The largesrt renewable Infrastructure investment trust (InvIT) will have the capacity to house a total of 4.1 GW.
Mumbai, NFAPost: To further fuel its growth ambition, Tata Poser is coming up with India’s largesrt renewable Infrastructure investment trust (InvIT) to further enhance its capability to meet capital expenditure.
Tata Power CEO & Managing Director Praveer Sinha said that he proposed Renewable InvIT, will be its growth engine going forward.
“At present, it has about 2.6 GW of operating plants and 1.5 GW of capacity in pipeline taking the total capacity to 4.1 GW,” said Sinha. This InvIT provides Tata Power with an option to recycle capital once the assets are operational,” said Tata Power CEO & Managing Director Praveer Sinha.
Further, Tata Power CEO & Managing Director Praveer Sinha said the InvIT strategy enables Tata Power to raise capital at lower cost post stabilisation of assets.
De-consolidate debt
“It will help grow the portfolio whilst we de-consolidate its debt. In its recent AGM, Chairman N Chandrasekaran said that it will look to bring down the debt to around Rs 25,000 crore,” said Tata Power CEO & Managing Director Praveer Sinha.
Apart from adding capacity in the renewable generation in the next five years, we will also be scaling the Solar Cells & Modules Manufacturing business along with the Solar EPC business, pointed out Sinha.
The company made these announcements on teh sidelines of its Q1 results. Tata Power reported a 10 per cent rise in consolidated profits for the June-ended quarter, on the back of strong cash generation and tight working capital. Profits came in at Rs 268 crore, compared to Rs 243 crore posted in Q1 FY20.
Lower power demand
However, revenues in the June-ended quarter dipped by 11.8 per cent to Rs 6,671 crore as compared to Rs 7,567 crore in the same period last year. The dip was due to a combination of factors which included lower power demand, delay in solar EPC businesses on account of COVID-19 and lower coal prices.
In the quarter, the Board also approved a scheme to merge Coastal Gujarat Power Limited (CGPL), TPSSL and Af-taab with the parent company. CGPL, the subsidiary which runs the Mundra ultra mega power plant, been a drag on the company’s finances and has already suffered large losses and is facing difficulty in financing its operations.

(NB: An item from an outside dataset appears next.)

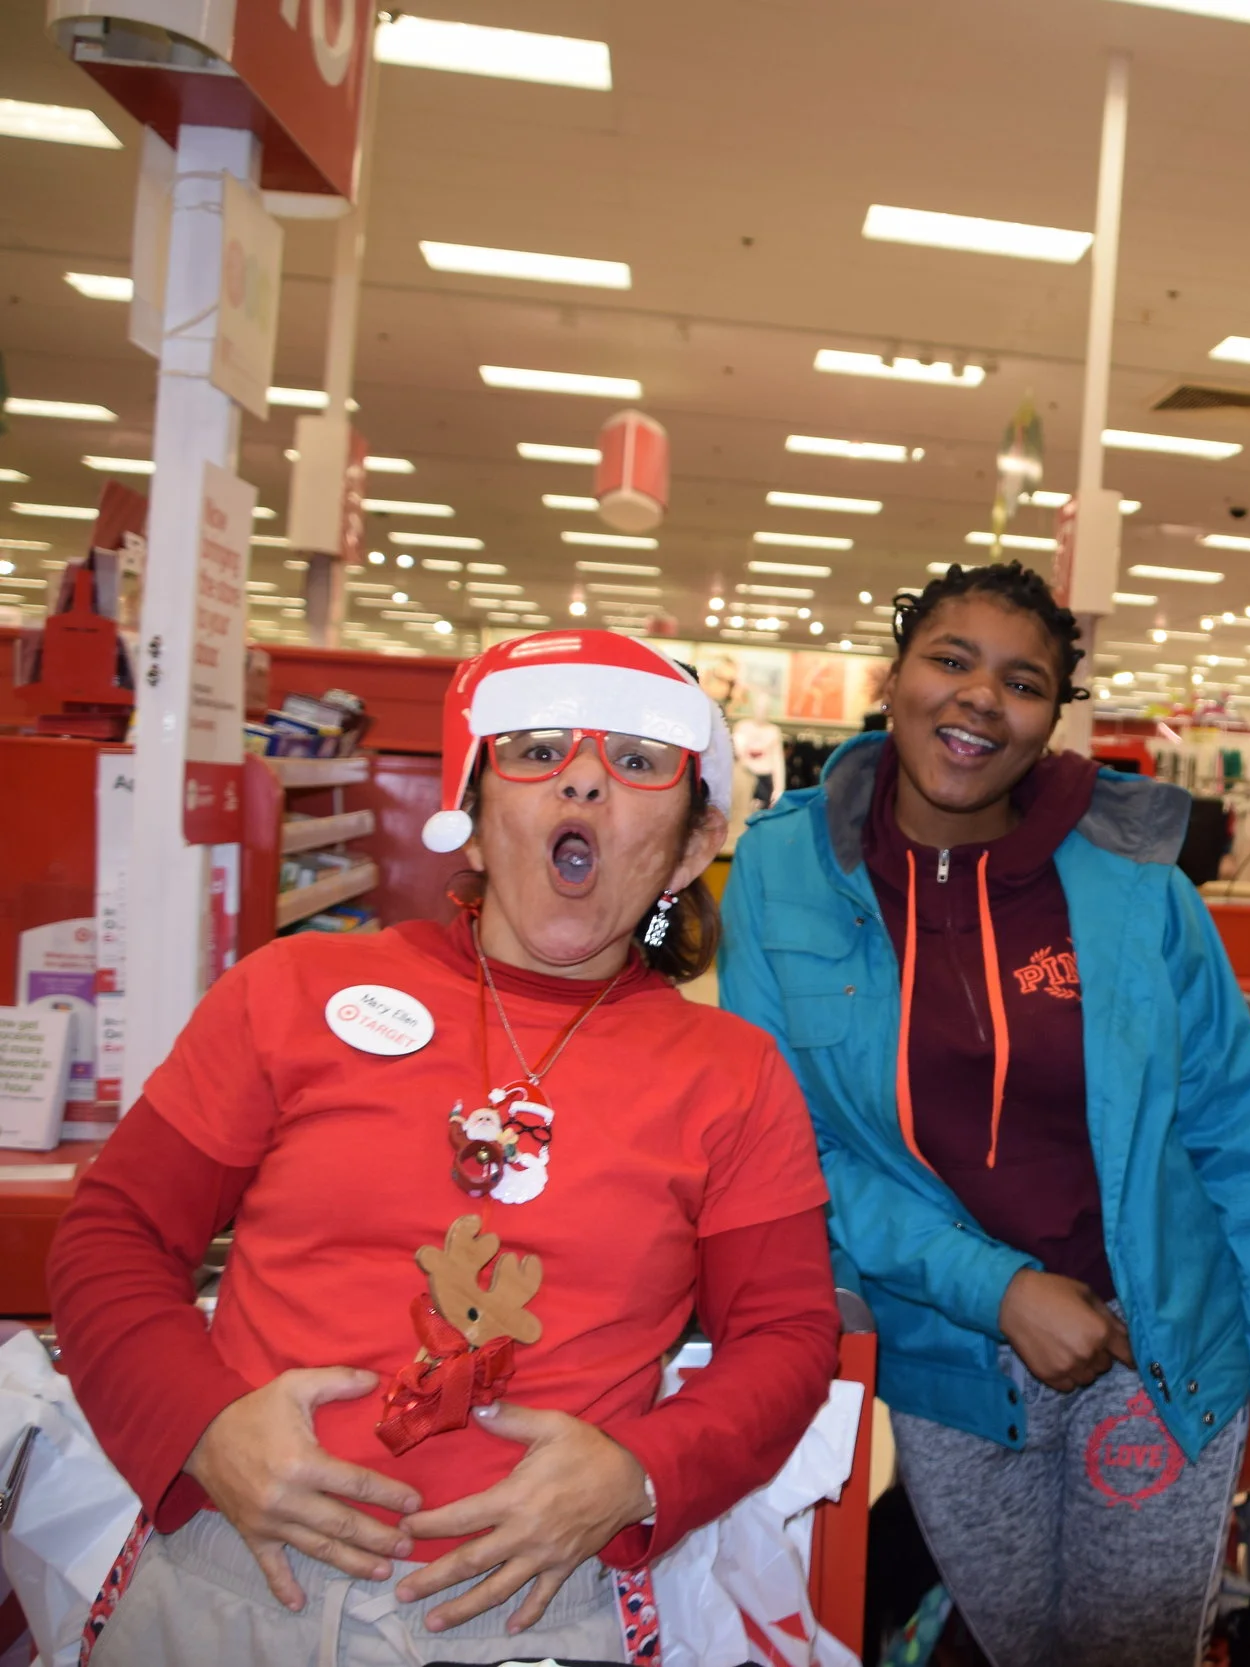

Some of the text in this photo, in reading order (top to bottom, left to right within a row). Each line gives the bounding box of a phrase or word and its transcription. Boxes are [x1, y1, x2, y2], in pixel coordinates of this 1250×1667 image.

In Mundra, Tata Power has invested Rs 24,000 crore.
Given the inordinate delay in resolution of the tariff matter, the merger will provide relief through direct support from the parent company. The Company continue to be in discussion with various state governments and state discoms. We do hope that the State Governments will take a practical view and resolve the PPA amendment issue in the interest of all stakeholders,” it said.
Solar EPC contract
In the June-ended quarter, Tata Power Solar received the Letter of Award for Solar EPC contract from NTPC for 300 MW solar project. With this order, the order book of Tata Power Solar stands at approximately Rs 8,700 crore including external and internal orders.
In Q1, Tata Power Renewable Energy Limited (TPREL) received a Letter Of Award (LOA) from Gujarat Urja Vikas Nigam Limited (GUVNL) to develop a 120 MW solar project in Gujarat and LOA from Maharashtra State Electricity Distribution Company Limited to develop a 100 MW solar project in Maharashtra.
Tata Power Green Energy Limited (TPGEL) also received the LOA from Mumbai Distribution to develop 225 MW Hybrid (solar and wind) Renewable Project. Tata Power has also recently won another bid of 370 MW for which formal LOA is awaited.